The off-plan buying sequence is EOI/reservation → booking deposit → SPA → DLD registration. A buyer signs an Expression of Interest (EOI) or reservation form and pays a booking deposit - either a fixed EOI amount (commonly AED 20,000-100,000, and considerably more on oversubscribed villa launches) or roughly 5-10% of price - credited toward the down payment. The Sale and Purchase Agreement (SPA) is then signed typically within 2-4 weeks, at which point the buyer pays the balance of the down payment plus the 4% DLD registration fee and admin fees. The booking deposit is part of the purchase price, not an extra charge.

Off-plan dominated Dubai sales in 2025-2026, running roughly 65-76% of transactions depending on the measure.

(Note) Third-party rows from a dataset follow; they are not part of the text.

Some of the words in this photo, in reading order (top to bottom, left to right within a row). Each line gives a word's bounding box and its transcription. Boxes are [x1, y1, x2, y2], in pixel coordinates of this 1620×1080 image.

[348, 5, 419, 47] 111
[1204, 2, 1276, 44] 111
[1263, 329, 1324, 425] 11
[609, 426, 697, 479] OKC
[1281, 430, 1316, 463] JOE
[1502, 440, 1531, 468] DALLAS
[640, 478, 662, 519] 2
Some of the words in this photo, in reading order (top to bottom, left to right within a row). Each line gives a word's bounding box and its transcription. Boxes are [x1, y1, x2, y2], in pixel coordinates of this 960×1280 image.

Off-plan accounted for about 69% of all sales transactions in Q1 2025, roughly 76% of residential deals by Q3 2025 (Cavendish Maxwell), and 72% of residential transactions in Q1 2026 (Savills). Full-year 2025 trackers put the off-plan share at about 65-69% of transactions; Betterhomes (via Construction Week) counted ~132,000 off-plan residential sales worth about USD 78bn (~AED 286bn), while broader first-sale trackers cite ~149,230 deals worth ~AED 448bn - the spread reflects differing date cuts and definitions.

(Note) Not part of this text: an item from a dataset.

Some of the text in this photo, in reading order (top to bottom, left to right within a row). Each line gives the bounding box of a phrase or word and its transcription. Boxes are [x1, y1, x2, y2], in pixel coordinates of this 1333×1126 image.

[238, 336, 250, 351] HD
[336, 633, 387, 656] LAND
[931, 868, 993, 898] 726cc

Common headline structures are 80/20, 60/40 and 50/50 (construction/handover). The most common Dubai off-plan splits pay a percentage during the construction period and the remainder at handover: 80/20 (80% during construction, 20% on handover), 60/40 and 50/50. Down payments are typically 10-20%: Nakheel asks 20% at booking, Emaar's 2025-2026 launches almost all take 10% (a minority of premium launches ask 20%), and value-focused developers like Danube and Samana run nearer 10-15%, varying per launch.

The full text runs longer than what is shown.